Wednesday, February 19, 2014

#7 They Don't Really Care About Us

Hello.

Yesterday was kinda angst day and I expressed it via Facebook by updating lyrics from Christina Perri's Human. Some people liked it of course because they related to it - maybe even too well, but no one asked me if anything is ok. I don't usually angst about anything but sometimes I do and when I do, no one cares.

No one even noticed me in the chat when I suggested that we should try this website together and they just started to talk about something else like fucking bitches you only care about yourself's. Now a days they only talk about shitty subjects or them self's and I'm tired of that shit.
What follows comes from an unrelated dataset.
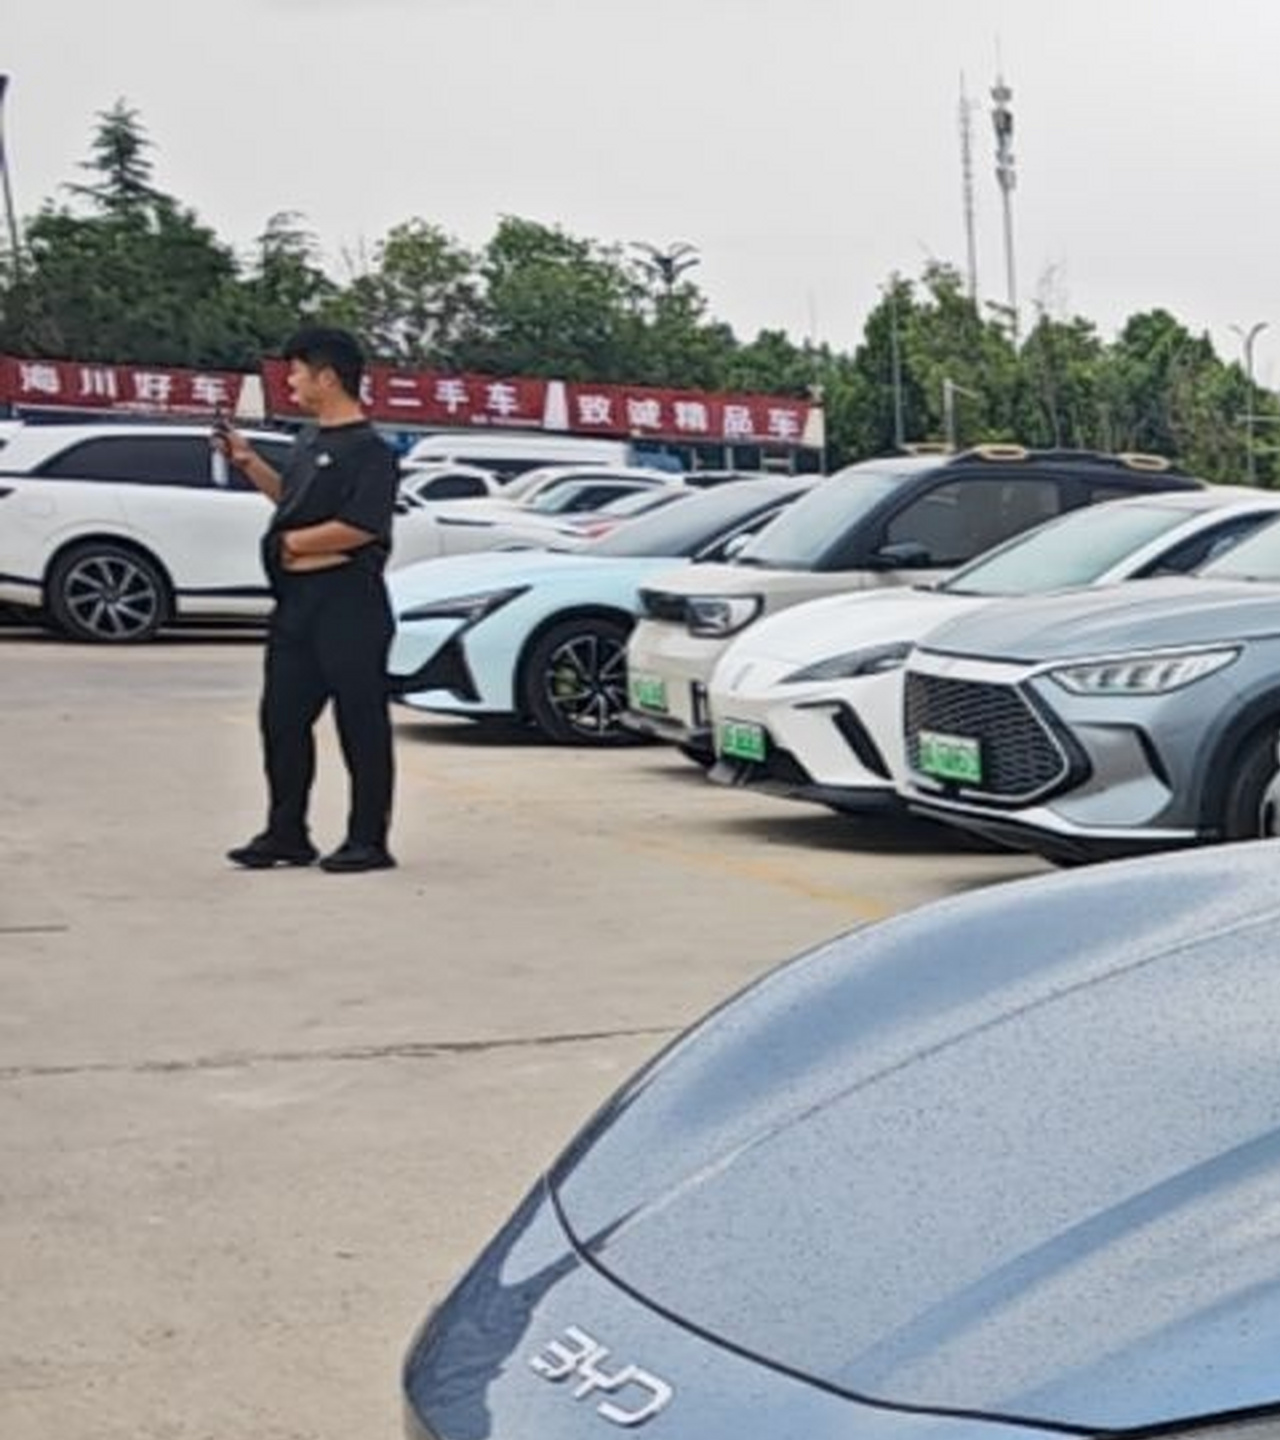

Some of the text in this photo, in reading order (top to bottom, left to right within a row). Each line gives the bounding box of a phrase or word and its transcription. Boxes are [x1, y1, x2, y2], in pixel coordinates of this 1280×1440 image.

[358, 373, 518, 415] 二手车
[529, 1325, 672, 1424] BYD
I shall try that I don't speak anything in that chat until someone will notice me. I am not negative person seriously. But this is the only place where I can shed all my worries. I hope I get to write something happier here as soon as possible. Why can't I have any good friends? Boyfriend would totally be needed but nope, not a chance.

From Tumblr

And I can't even talk to my brother about things - I tried to talk with him that how it pisses me off when my school friends act like stupid bitches and he didn't even say anything. Nice brother I have there.
I feel like I was supposed to say something else but I can't remember what, oh well.
But now I get to write something more nice. I was watching The Simpsons today and in that episode they went to Miami and there where all these cute scenes where Marge and Homer were having good time with each other without the kids. And I decided that I would want to go to Miami with my boyfriend and sit in a Ferris wheel and kiss and hug him behind back in a transparent elevator.

And I would also like to go somewhere cute dancing place where is nice lightning and you can wish for a song and then they play it - I would wish The Way I Are by Timbaland.